Мария оторвалась от вязания, разглядывая сына. Борис Василькович приготовился к катанию на горке основательно, и старый кожух, залоснившийся на заду чуть не до зеркального блеска, определённо указывал на уже немалый опыт в этом занятии.
- Опять штаны издерёшь?
- Ну мама, они же всё одно уже драные!
Княгиня Феодосия, сидевшая в углу над пяльцами, засмеялась, и Мария тоже не удержала улыбки.
- Ладно, иди уже!
Борис не заставил повторять дважды. Хлопнула дверь, и спустя несколько секунд уже можно было наблюдать, как ребятишки волокут к снежной горке банные шайки, специально для этого дела оледенелые на морозе.
- И у нас тож, должно быть, ребятишки сейчас с горок так-то катаются, - заговорила княгиня Феодосия. - Бывало, вот так же вот наморозишь шайку с вечера… Ух, как птица летит! Ты в детстве с горок каталась ли, Мария?
- Токмо разве с кручи, - улыбнулась Мария. - Не делает у нас в Чернигове детвора снежных горок. Это тут снега обильны безмерно, и лежат до апреля. У нас там не так…
Мария вдруг рассмеялась тихонько.
- У меня другая забава была в детстве. На баране кататься - что там горка!
Она внезапно погрустнела, задумчиво глядя в окно.
- Боюсь, не до горок сейчас в Переславле вашем…
Княгиня Феодосия опустила пяльца.
- Типун тебе на язык, Маришка. Неужто и впрямь возьмут верх поганые? Не верю, быть не может того!
Мария вздохнула.
- Прости, Фиса. Это сдуру я.
Раздался дробный топоток, и в горницу вбежал маленький Глеб.
- О, кто к нам пожаловал! - всплеснула руками Феодосия. - Никак молодший князь ростовский выспавшись?
- Мама! - глеб протянул ручонки к матери. - Дай!
- Чего тебе дать, сладкий мой? - подхватила сына на руки Мария.
- Всё! - неожиданно солидно заявил Глеб.
Женщины переглянуллись и разом расхохотались.
- А и правда, не пора ли на стол собрать? - окончательно отложив шитьё, княгиня Феодосия встала. - Эй, девки!
- Фиса! - Мария вдруг прижала руки к сердцу, глядя в окно. - Глянь, Фиса!
Княгиня переяславская стремительно переместилась к окошку. У крыльца уже спешился всадник, бросил подскочившему человеку поводья. Группа других спешивалась чуть поодаль.
- Гонец! - Марию как ветром сдуло.
Гонец ещё не успел подняться на крыльцо, как из распахнутой двери выскочила княгиня Ростовская, едва прикрыв голову платком.
- Ну?!
- Всё пока ничего, госпожа. - улыбнулся гонец. - Все живы.
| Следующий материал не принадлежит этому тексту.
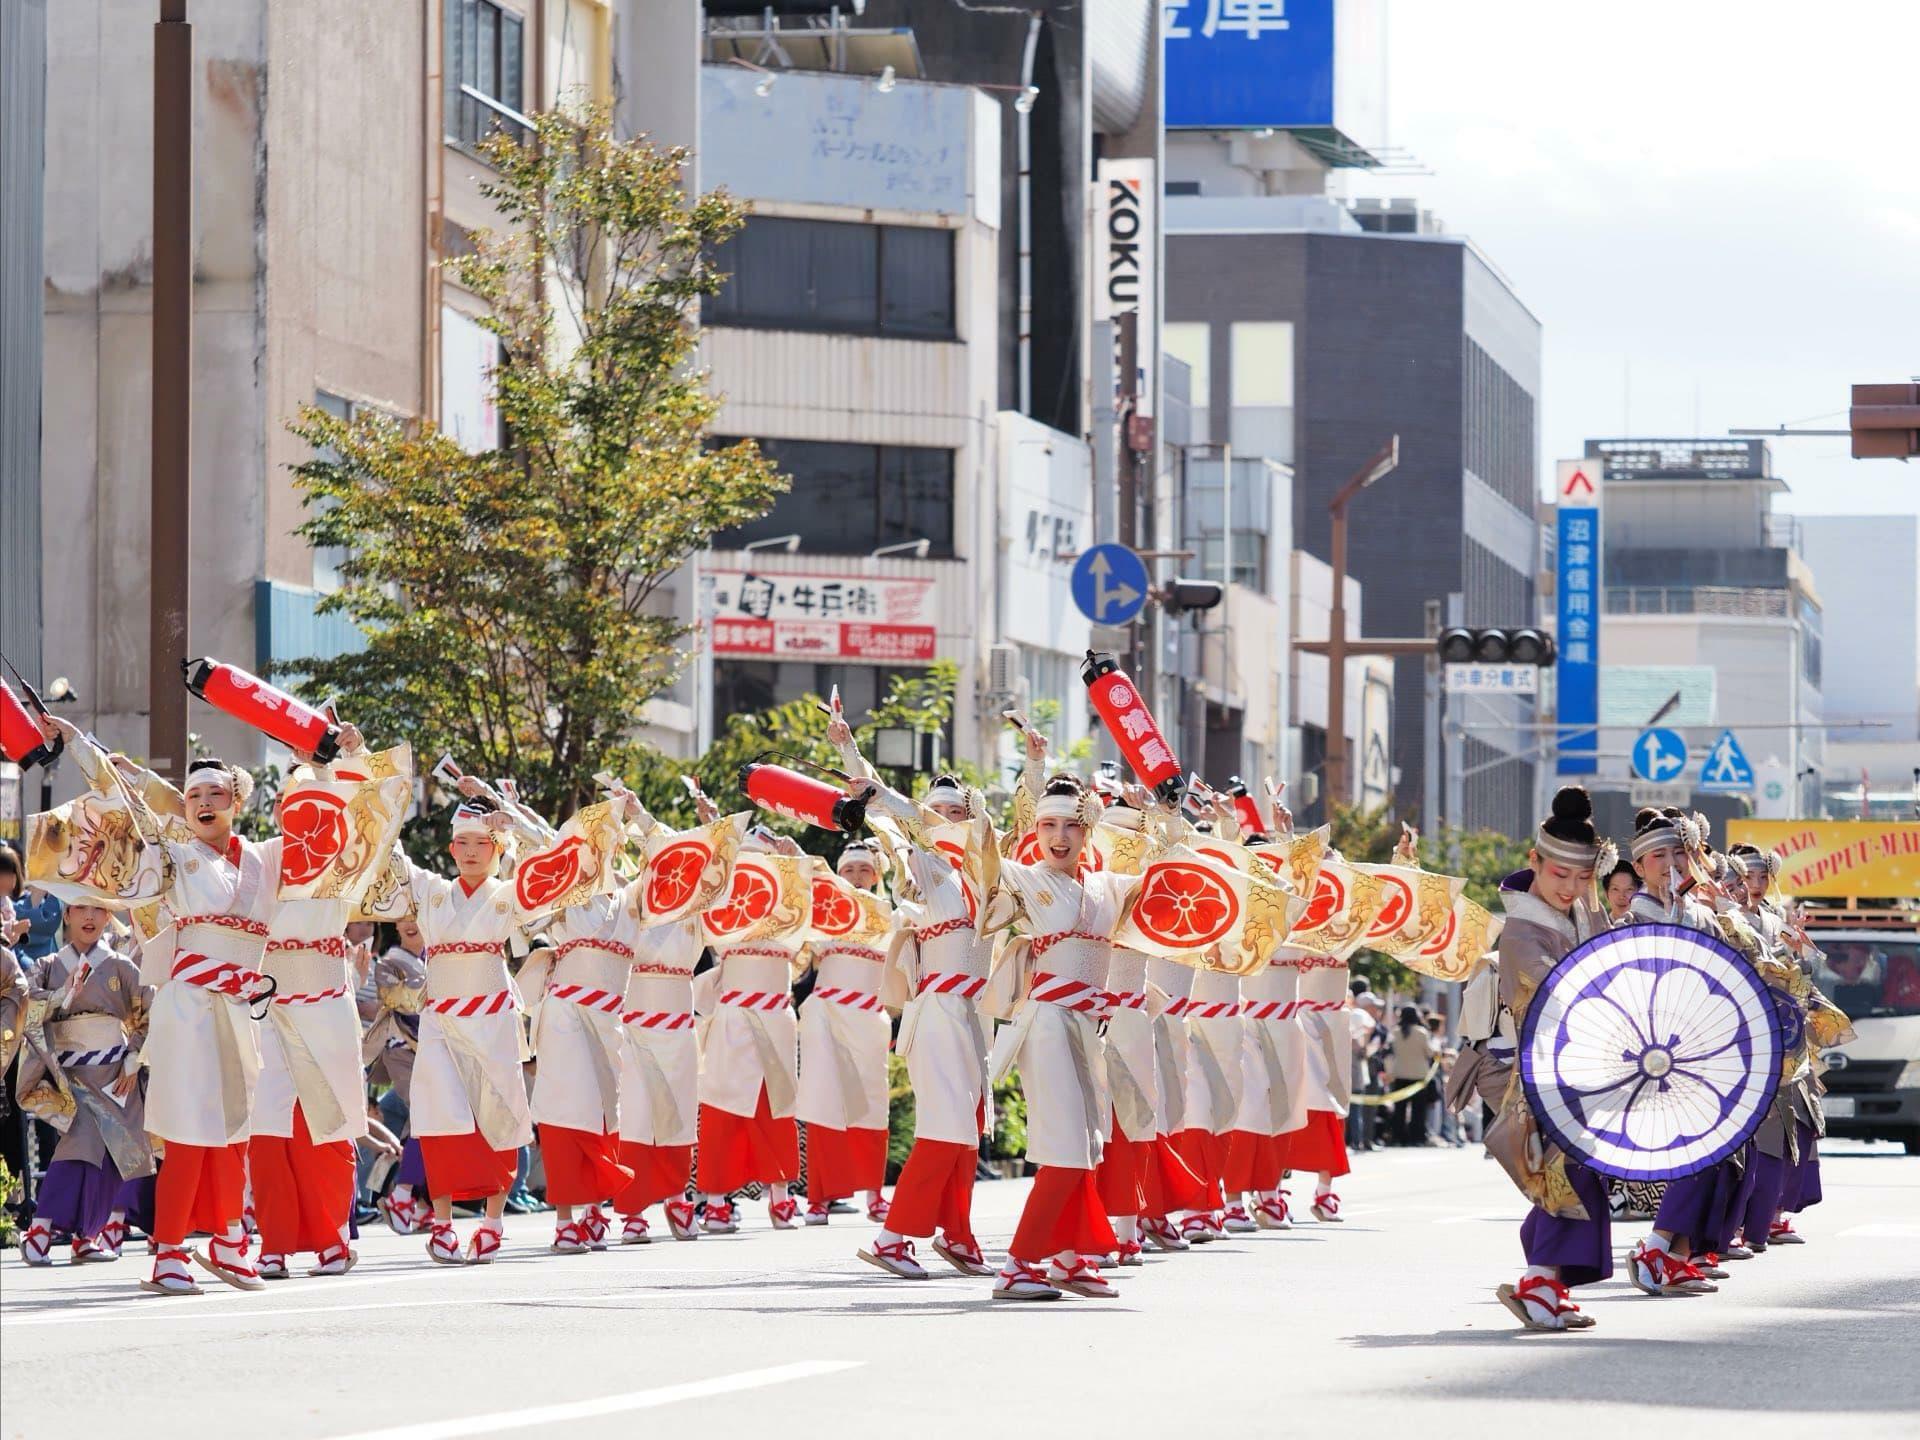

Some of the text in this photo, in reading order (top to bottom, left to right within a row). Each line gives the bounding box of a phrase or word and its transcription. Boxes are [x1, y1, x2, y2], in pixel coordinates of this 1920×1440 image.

[1109, 179, 1141, 321] KOKU
[1567, 519, 1590, 663] 沼津信用金庫
Вот, письмо тебе от князя нашего. - он протянул Марии крохотный деревянный цилиндрик.
- Слава тебе, господи! - Мария в изнеможении прислонилась к дверному косяку.
…
- …Что с нами будет, матушка?
- Не бойся ничего, София. Все мы в руках Божьих и в воле его. Молись, и да отвратит он гнев свой от нашей обители.
Преподобная Евфросинья стояла посреди двора, глядя на гигантское, вполнеба, зарево пожара немигающим остановившимся взглядом. Монашка поёжилась. Сёстры уже знали этот вот неподвижный, потусторонний взгляд - шептались, что в такие минуты мать игуменья видела божественное, иным недоступное…
- Страшно, матушка, - вдруг совершенно по-детски призналась молодая монашка. - Говорят, звери они лютые.
Взгляд настоятельницы наконец ожил, обратившись к монашке.
- Иди, сестра. Не бойтесь ничего. Не войдут в ворота сии лютые звери. Ступай уже!
- А ты, матушка? - совсем уже робко спросила Софья.
- А я тут постою, воздухом подышу, - усмехнулась уголком рта Евфросинья. - Встречу главного зверя.
…
- … И опять ты оказался прав, мой мудрый Сыбудай. В который уже раз прав. Скажи, ты бываешь когда-нибудь неправ?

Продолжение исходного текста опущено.